Publicado en la revista "Por Cuenta Propia" de Azuqueca de Henares, en julio de 2007.
Comenzaba el tan añorado deshielo. El Clan del Glotón se preparaba para dar la bienvenida al Sol. Los jóvenes sabían que pronto dejarían de serlo y que caminarían hacia la edad adulta. La matriarca, que durante todo el ciclo del hielo se había dedicado a contar historias del pasado, anunciaba a los iniciados que los relatos pronto se harían realidad.
La mañana era espectacular. La joven pareja apenas había conciliado el sueño imaginando la tonalidad de colores que la nieve y el hielo, mezclados con el agua que bajaba por la montaña, se mostrarían a sus ojos, dilatándolos como nunca al estar continuamente acostumbrados a la oscuridad de la cueva. Los primeros rayos de sol empezaban a despuntar con el alba. Quizás era la sensación de intranquilidad, quizás la belleza del momento, o incluso simplemente la costumbre del necesitado contacto para vencer el frío, pero sin saberlo ambos se estaban besando. Sabían que lo tenían prohibido. Si el chamán del clan los descubría, incluso podrían ser expulsados. Pero nada importaba ya. No podían seguir esperando eternamente. La niñez se escapaba instante tras instante. Lo sabían y querían saborearlo todo. Carpe diem.
Volvía el frío polar. Ya era de noche. Sin embargo la pareja estaba acalorada. Sentían vergüenza y orgullo al mismo tiempo. Era una sensación extraña, pero confortable. El Rito de la Fecundidad era un deseo para todos los chicos del clan.
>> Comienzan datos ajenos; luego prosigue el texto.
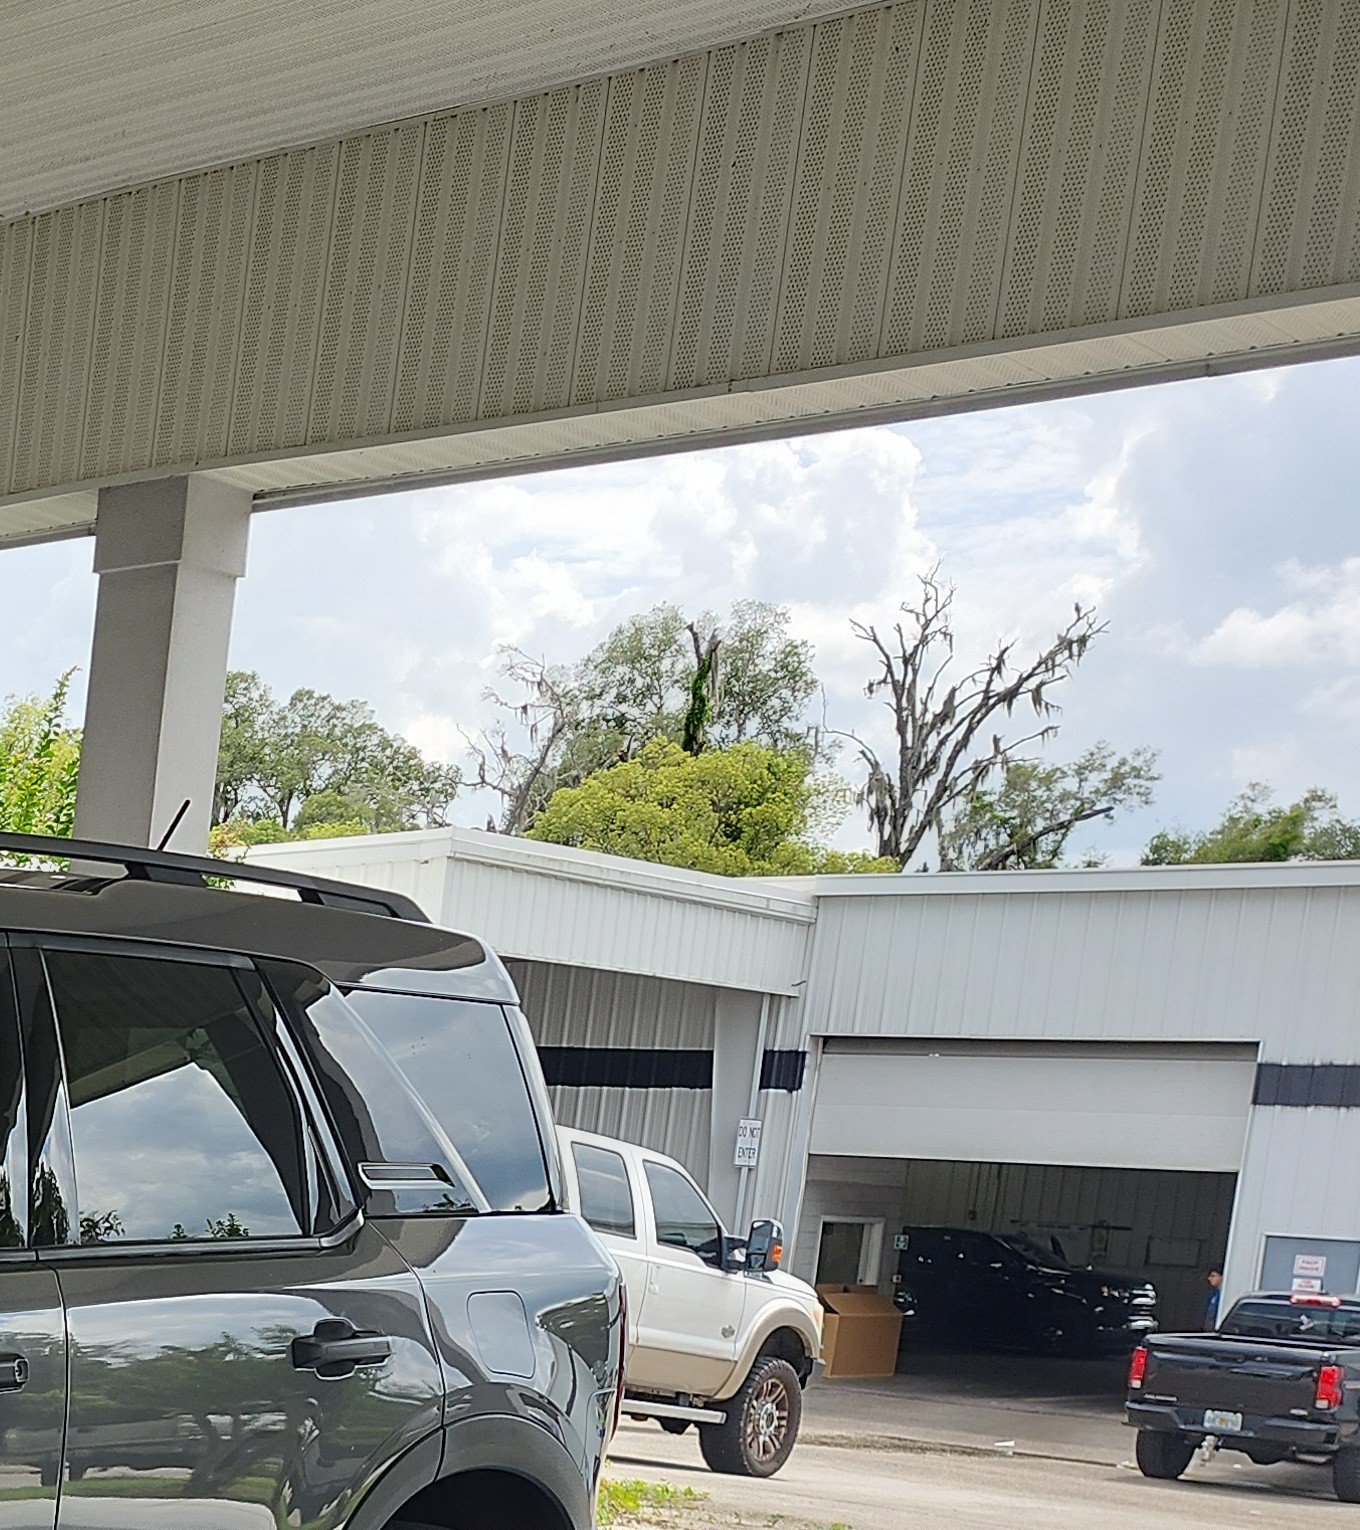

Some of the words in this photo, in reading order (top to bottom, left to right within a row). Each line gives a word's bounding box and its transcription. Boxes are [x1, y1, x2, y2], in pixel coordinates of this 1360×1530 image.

[738, 1125, 747, 1138] DO
[749, 1126, 761, 1139] NOT
[737, 1146, 757, 1159] ENTER
Esta noche se consagraría su unión ante el chamán. Esta noche recibirían bautizo en sociedad. Esta noche aportarían su granito de arena a la lucha que la tribu mantenía contra la naturaleza, simplemente por el mero hecho de sobrevivir.
Todo el clan esperaba fuera, impaciente. Los hermosos jóvenes se miraban por un instante. Era su última impresión antes del acto. Después ya nada sería igual. El chamán salió del santuario. Aún no llevaba puesta la máscara del mamut. En la mano portaba un brebaje que olía a hierbas aromáticas. Ordenó a los jóvenes que alzaran sus manos. Ambos bebieron. Ambos volvieron a las tinieblas. La luz del amanecer ya solo era un recuerdo.
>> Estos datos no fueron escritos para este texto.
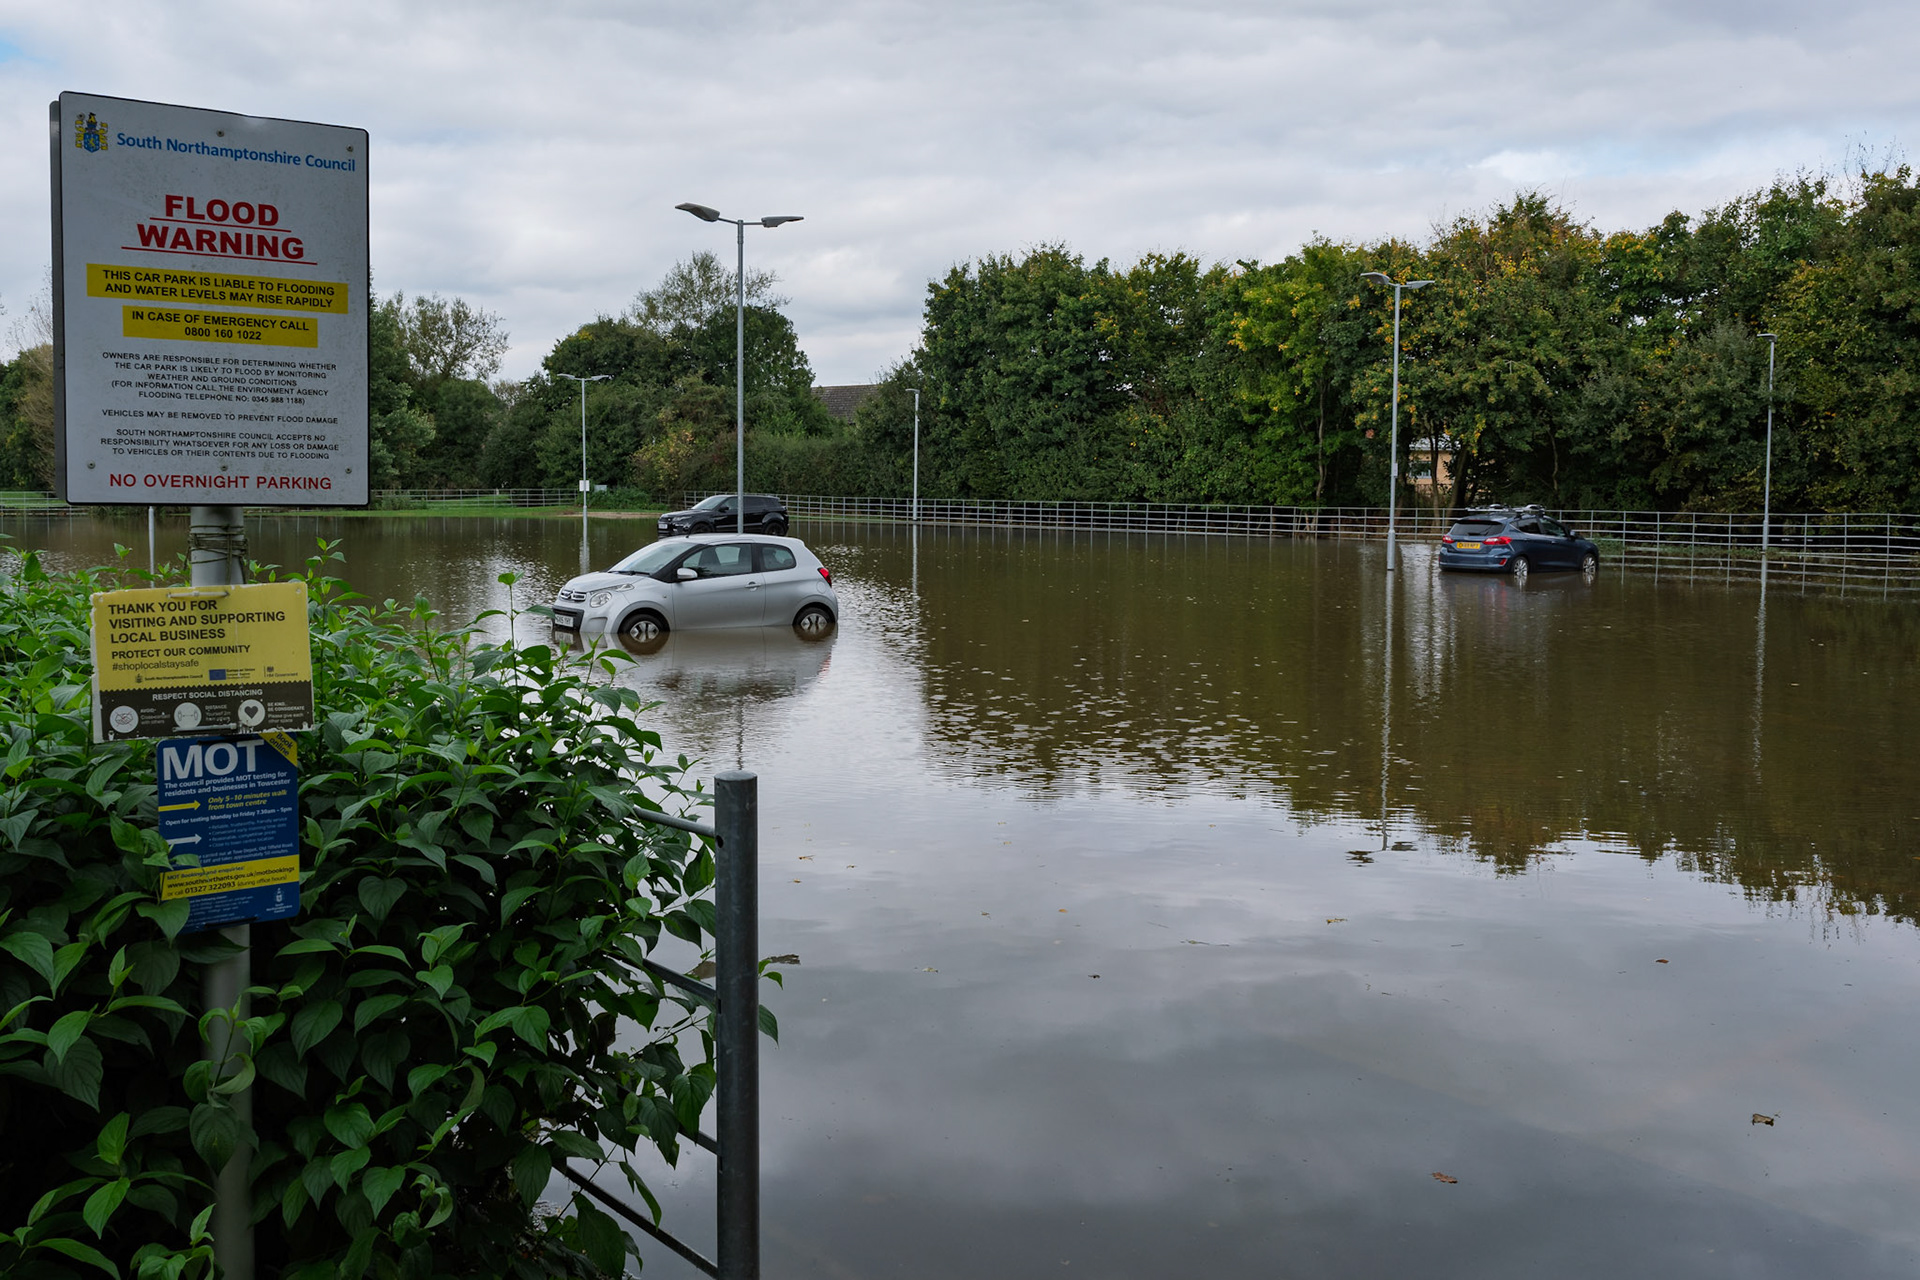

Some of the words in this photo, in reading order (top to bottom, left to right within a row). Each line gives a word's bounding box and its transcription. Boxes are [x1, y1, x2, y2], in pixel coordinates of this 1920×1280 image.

[117, 132, 162, 150] South
[166, 139, 301, 166] Northamptonshire
[305, 155, 355, 172] Council
[165, 194, 278, 226] FLOOD
[137, 224, 304, 260] WARNING
[103, 270, 130, 280] THIS
[134, 272, 160, 282] CAR
[164, 274, 196, 285] PARK
[200, 277, 210, 286] IS
[214, 278, 255, 290] LIABLE
[259, 282, 274, 291] TO
[277, 283, 334, 296] FLOODING
[105, 283, 131, 293] AND
[135, 285, 177, 297] WATER
[181, 288, 226, 300] LEVELS
[230, 292, 253, 302] MAY
[257, 294, 282, 304] RISE
[286, 296, 332, 308] RAPIDLY
[132, 311, 143, 320] IN
[148, 312, 180, 322] CASE
[184, 314, 200, 323] OF
[204, 316, 276, 328] EMERGENCY
[280, 320, 310, 330] CALL
[185, 327, 210, 337] 0800
[214, 329, 233, 338] 160
[237, 330, 261, 340] 1022
[102, 352, 140, 360] OWNERS
[143, 354, 160, 362] ARE
[163, 355, 220, 364] RESPONSIBLE
[242, 360, 296, 368] DETERMINING
[299, 362, 337, 370] WHETHER
[114, 362, 131, 370] THE
[154, 364, 177, 372] PARK
[235, 368, 261, 376] FLOOD
[277, 371, 327, 379] MONITORING
[148, 373, 188, 381] WEATHER
[191, 375, 208, 383] AND
[211, 376, 246, 384] GROUND
[248, 378, 297, 387] CONDITIONS
[135, 381, 193, 390] INFORMATION
[196, 384, 216, 392] CALL
[238, 386, 294, 394] ENVIRONMENT
[297, 388, 328, 396] AGENCY
[139, 391, 182, 399] FLOODING
[185, 393, 232, 402] TELEPHONE
[102, 409, 144, 417] VEHICLES
[181, 412, 221, 420] REMOVED
[238, 414, 274, 422] PREVENT
[100, 438, 170, 447] RESPONSIBILITY
[173, 440, 229, 448] WHATSOEVER
[148, 430, 236, 439] NORTHAMPTONSHIRE
[239, 432, 273, 440] COUNCIL
[276, 433, 312, 441] ACCEPTS
[127, 448, 168, 456] VEHICLES
[213, 450, 256, 458] CONTENTS
[290, 452, 329, 460] FLOODING
[109, 473, 136, 488] NO
[144, 474, 250, 489] OVERNIGHT
[256, 476, 332, 490] PARKING
[108, 602, 155, 615] THANK
[158, 601, 186, 612] YOU
[190, 600, 217, 611] FOR
[109, 617, 166, 629] VISITING
[169, 615, 197, 626] AND
[200, 611, 285, 625] SUPPORTING
[111, 630, 156, 644] LOCAL
[160, 628, 225, 641] BUSINESS
[112, 649, 160, 659] PROTECT
[166, 648, 186, 657] OUR
[190, 645, 250, 656] COMMUNITY
[112, 659, 199, 671] #shoplocalstaysafe
[152, 692, 187, 700] RESPECT
[218, 689, 263, 697] DISTANCING
[270, 738, 289, 756] online
[277, 732, 293, 749] Book
[163, 740, 264, 780] MOT
[165, 788, 196, 796] residents
[212, 784, 248, 792] businesses
[257, 779, 291, 787] Towcester
[179, 779, 204, 787] council
[206, 776, 234, 786] provides
[253, 772, 276, 780] testing
[185, 886, 207, 894] 01327
[209, 881, 236, 890] 322093
Habían visto aquellos grabados una y mil veces, pero hoy presentaban un halo especial. Eran las escenas que la madre de la matriarca había grabado en las paredes de la cueva muchos años atrás, pocos días después de descubrir uno de los símbolos predilectos del Santuario, la Venus auriñaciense, bellísima por sus perfectos trazos de buril y en estado de alumbramiento. Las representaciones, de época solutrense, sumaban un total de cuatro y en su conjunto formaban el denominado Rito de la Fecundidad. Los muchachos hoy sólo rendirían pleitesía a la primera de las acciones. Para las otras tres todavía quedaba una vida.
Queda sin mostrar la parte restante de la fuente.